The function a which prints the numbers does not call itself! I exploited a buffer overflow and changed the return address to make the program counter go over function a again as long as I need.

I don't know if this is considered to be a recursion, but I thought it would worth trying. This code works on my 64-bit machines with gcc 4.6, for other platforms the last statement of function a, could be a little different.

Exp1: I allocated a dummy buffer on stack b, and then addressed a passed-by-end location, which is the location of return address.

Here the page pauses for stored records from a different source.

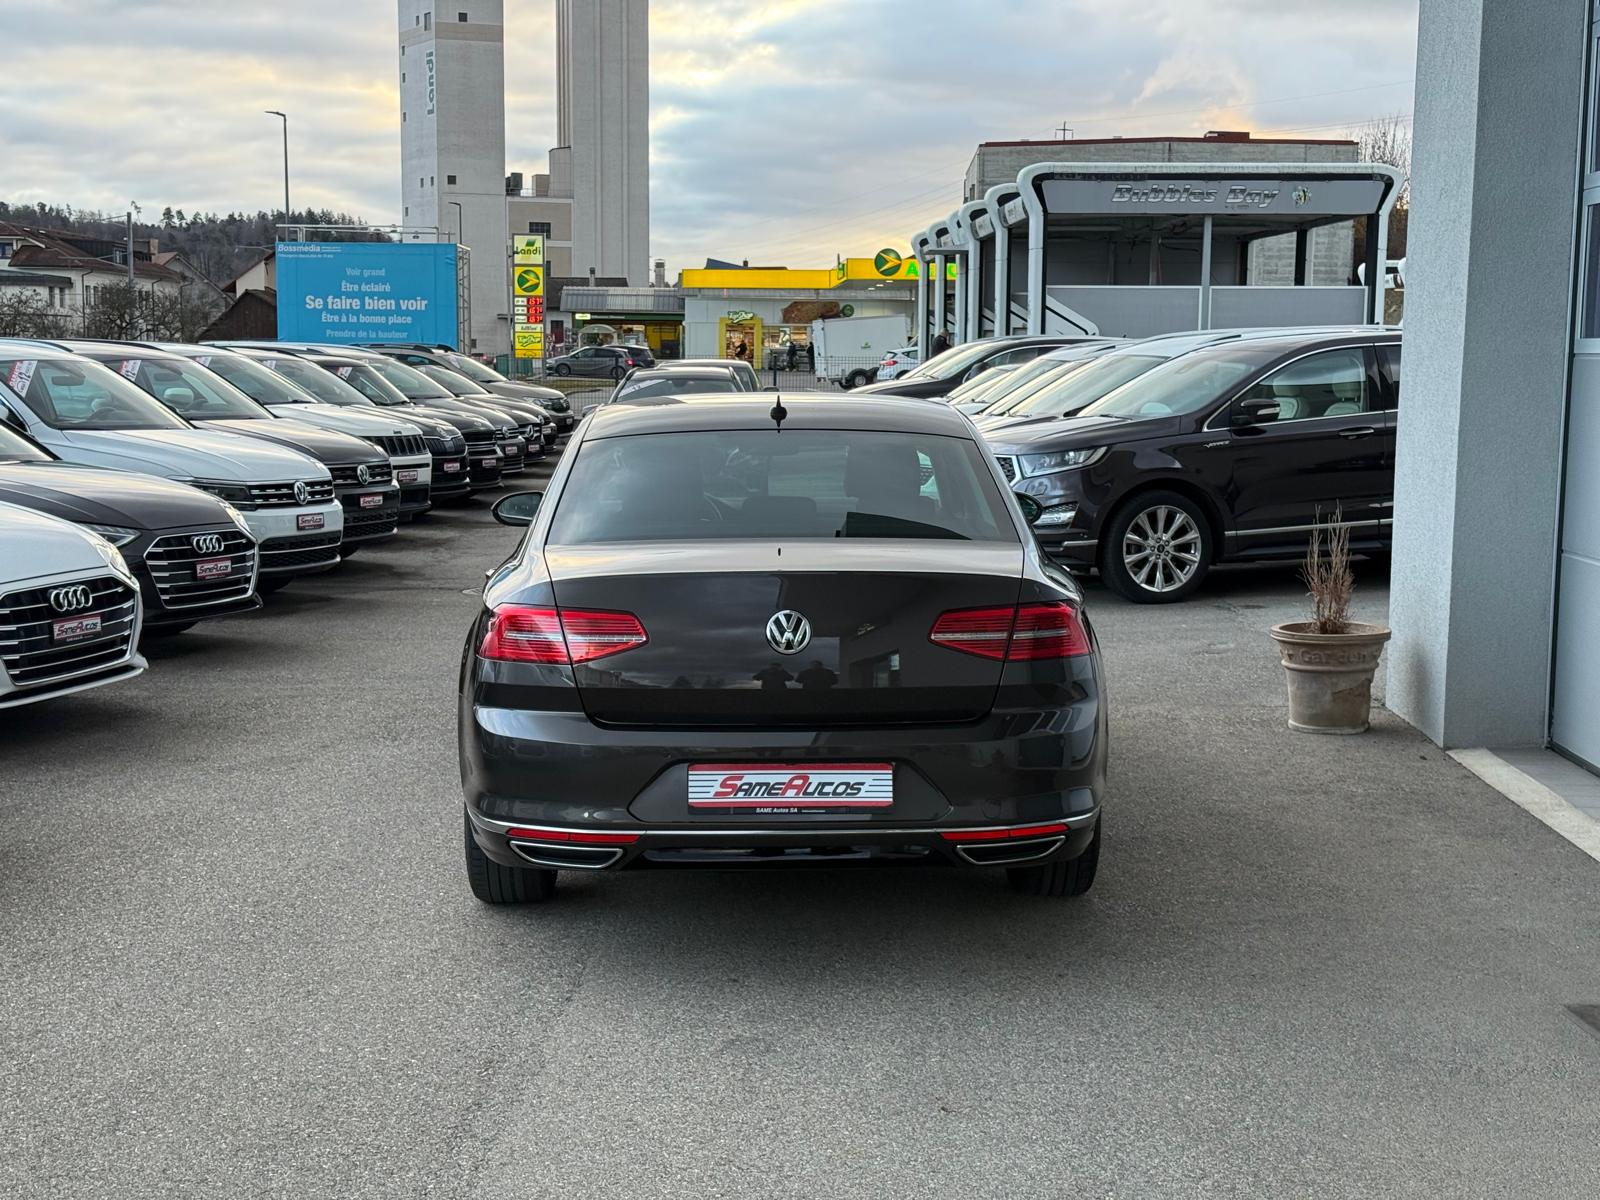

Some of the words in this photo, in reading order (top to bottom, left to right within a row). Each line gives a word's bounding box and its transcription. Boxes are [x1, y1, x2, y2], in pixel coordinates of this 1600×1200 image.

[425, 51, 435, 115] Landi
[1111, 184, 1218, 203] Bubbles
[1226, 185, 1280, 209] Bay
[515, 246, 541, 255] Landi
[345, 267, 361, 276] Voir
[363, 267, 385, 278] grand
[341, 280, 359, 292] Être
[361, 282, 391, 292] éclairé
[305, 295, 323, 309] Se
[327, 295, 361, 310] faire
[365, 296, 395, 310] bien
[399, 297, 428, 311] voir
[322, 311, 339, 322] Être
[341, 313, 347, 322] à
[349, 314, 357, 323] la
[360, 314, 386, 324] bonne
[388, 314, 412, 325] place
[326, 329, 356, 338] Prendre
[357, 330, 367, 338] de
[369, 330, 376, 338] la
[378, 330, 408, 339] hauteur
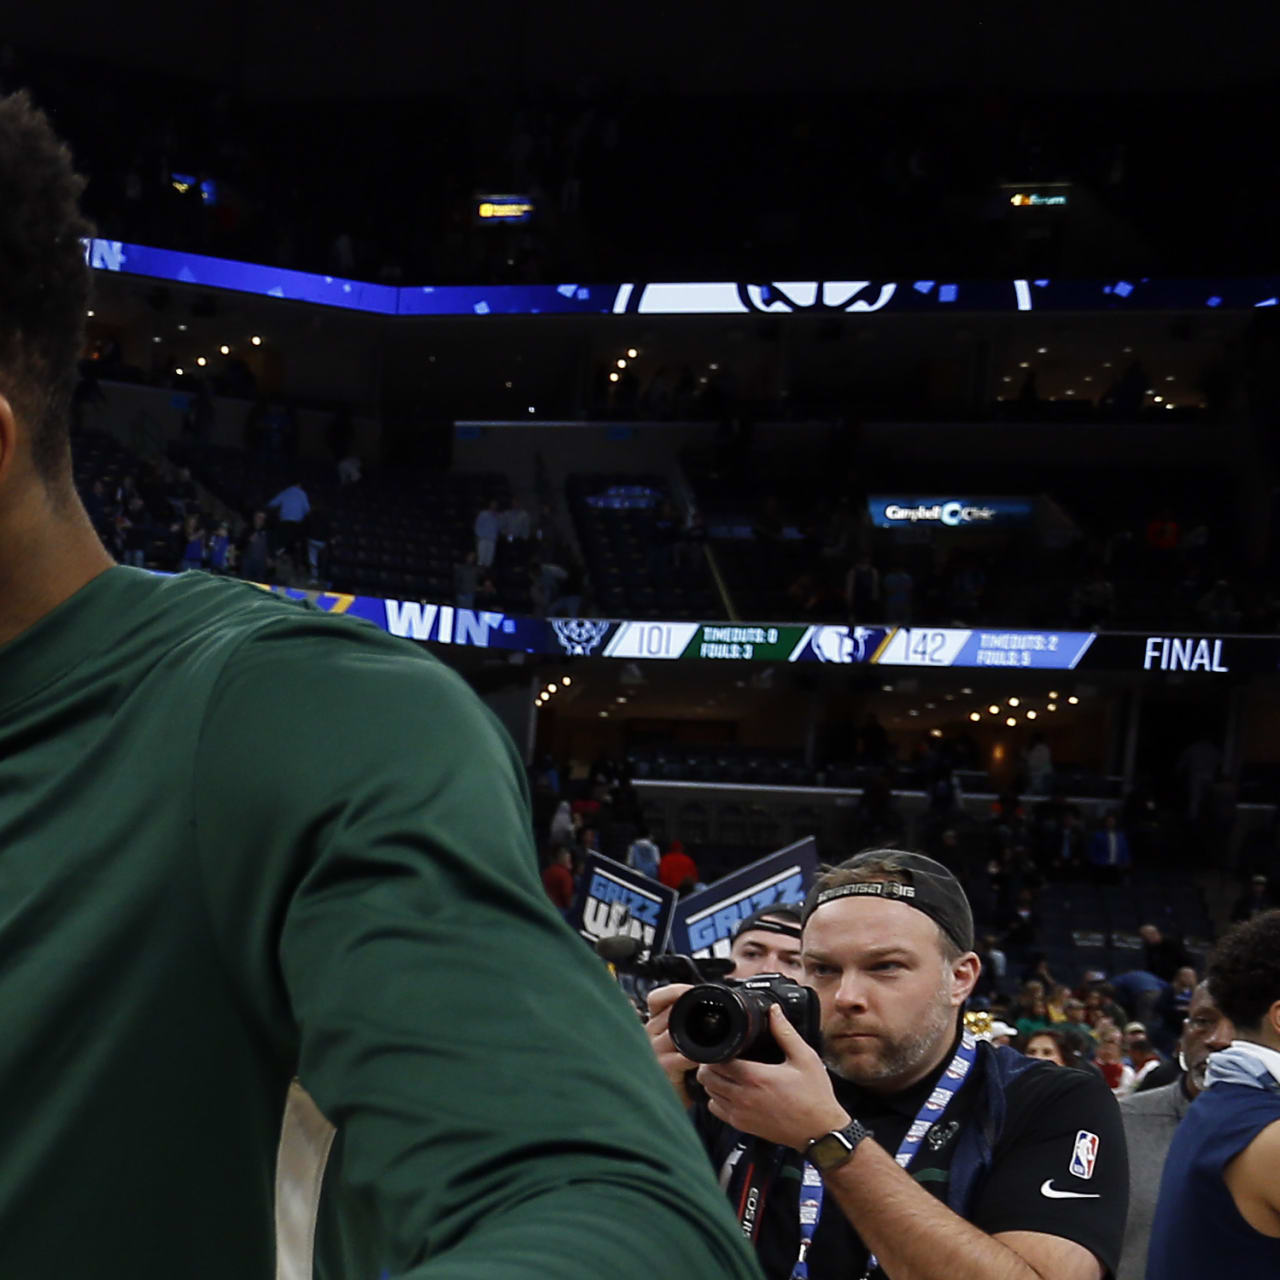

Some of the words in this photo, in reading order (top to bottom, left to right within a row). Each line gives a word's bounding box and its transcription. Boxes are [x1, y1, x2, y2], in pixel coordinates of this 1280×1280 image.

[384, 599, 490, 648] WIN
[703, 626, 766, 643] TIMEOUTS:
[639, 626, 672, 658] 101
[700, 643, 741, 658] FOULS:
[903, 630, 947, 663] 142
[1143, 636, 1229, 673] FINAL
[590, 873, 663, 927] GRIZZ
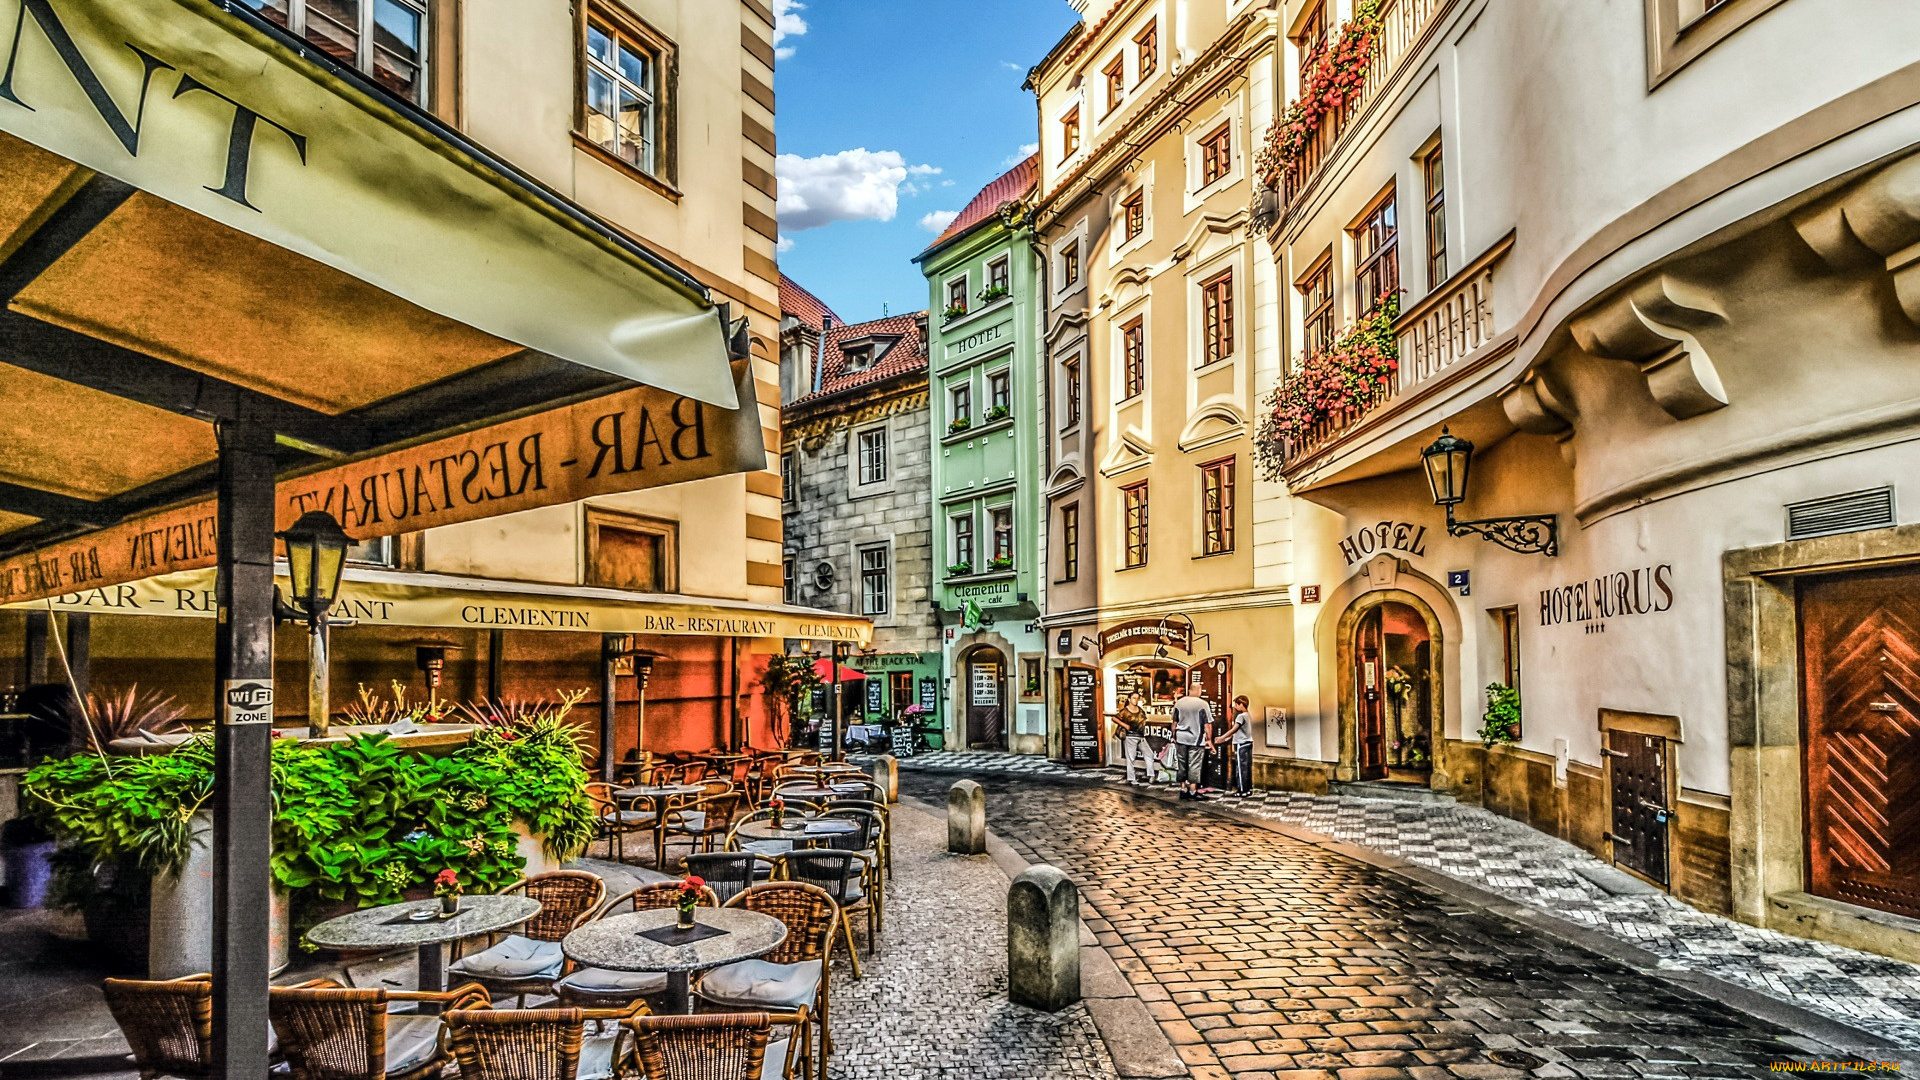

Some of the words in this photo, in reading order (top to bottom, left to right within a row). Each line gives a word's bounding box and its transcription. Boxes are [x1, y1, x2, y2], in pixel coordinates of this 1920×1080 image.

[958, 327, 1001, 352] HOTEL
[1338, 520, 1427, 566] HOTEL
[1455, 574, 1462, 583] 2
[954, 583, 1010, 598] Clementin
[1304, 586, 1316, 595] 175
[1540, 581, 1594, 626] HOTEL
[1594, 564, 1673, 618] AURUS
[461, 605, 590, 628] CLEMENTIN
[644, 615, 675, 631] BAR
[687, 617, 775, 635] RESTAURANT
[799, 624, 860, 639] CLEMENTIN
[1132, 626, 1141, 636] ICE
[1141, 626, 1160, 636] CREAM
[855, 658, 863, 666] AT
[865, 658, 879, 666] THE
[881, 657, 904, 665] BLACK
[905, 656, 925, 665] STAR
[235, 713, 267, 722] ZONE
[1150, 726, 1162, 737] ICE

I anticipated the distance between start of buffer and return address location from disassembly of function a.

Exp2: Expression 5*(1-x/101), is 5 for all x<=100 and 0 for x=101. By looking at disassembly of main (in my case), if you decrease the return address by 5, you will set the PC to calling point of a again. In the updated codes, the return value of printf is used for checking loop condition.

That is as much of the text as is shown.